Barbra Streisand: Absolutely. Are you kidding?]
He first met Barbra Streisand in the 1960s, when she was a guest on a talk show he hosted. Three decades later on "60 Minutes," they crossed swords in one of Mike's most controversial interviews.
[Mike Wallace: I really didn't like you back 30 years ago. And I don't think you liked me, either.
Barbra Streisand: I thought you were mean. I thought you were very mean.
Mike Wallace: You know something? Twenty or 30 years of psychoanalysis. I say to myself, what is it she's trying to find out that takes 20 to 30 years?
Barbra Streisand: I'm a slow learner. And why do you sound so accusatory, too?
Mike Wallace: I'm not accusing -
Barbra Streisand: Are you against psychotherapy?]

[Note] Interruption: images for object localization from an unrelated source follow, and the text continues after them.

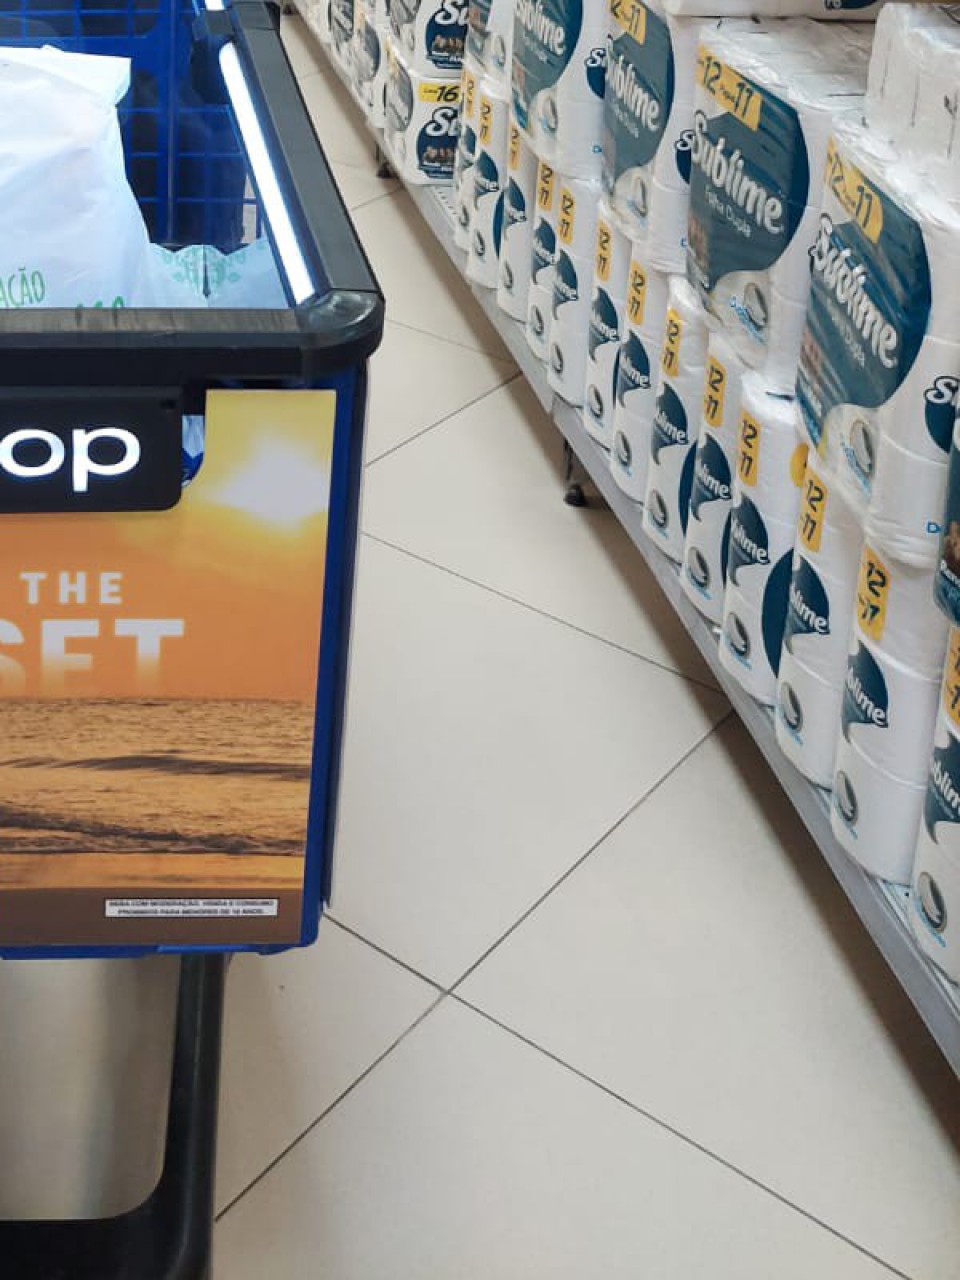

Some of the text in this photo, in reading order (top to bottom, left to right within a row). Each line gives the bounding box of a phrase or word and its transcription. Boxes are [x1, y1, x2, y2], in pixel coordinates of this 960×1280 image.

[436, 84, 460, 102] 16
[689, 109, 784, 235] Sublime
[808, 212, 899, 370] Sublime
[742, 420, 758, 450] 12
[806, 478, 825, 513] 12
[20, 571, 124, 605] THE
[866, 561, 888, 599] 12
[846, 664, 889, 728] blime
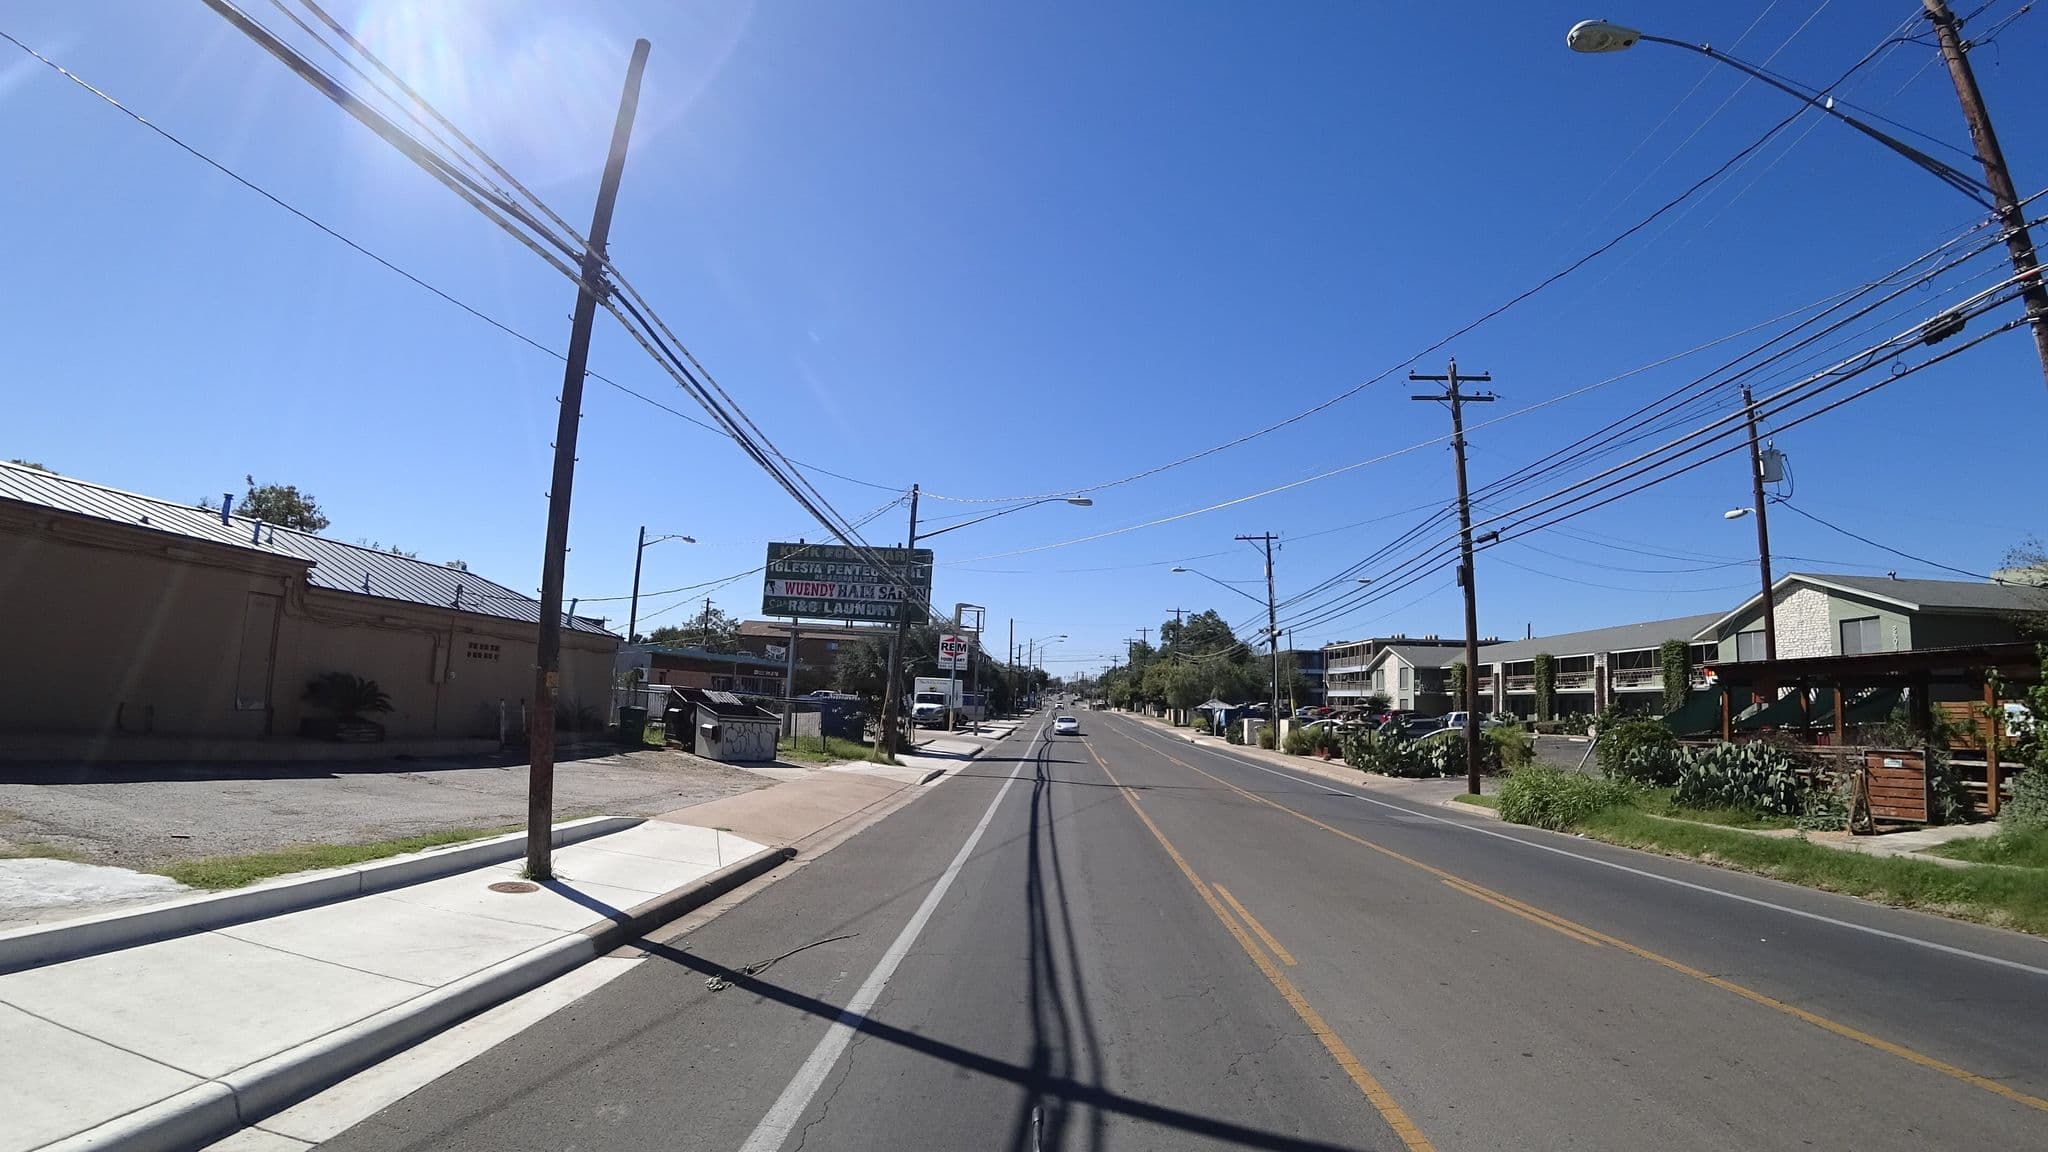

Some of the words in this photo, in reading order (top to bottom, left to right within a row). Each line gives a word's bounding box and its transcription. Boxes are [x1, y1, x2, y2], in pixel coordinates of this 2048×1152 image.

And then there's Shirley MacLaine. She got the full Wallace treatment in 1984.
[Mike Wallace: You really believe that you lived lives before.
Shirley MacLaine: Oh, yes, Mike. I do, there's no doubt in my mind about it.
Mike Wallace: And you really believe in extraterrestrial -- how, do they come visit you on the porch? Now you're being unpleasant, Wallace, is what you're saying.
Shirley MacLaine: Yes. This is what I was a little afraid of. But you don't have to be that unpleasant. It doesn't become you, you know?]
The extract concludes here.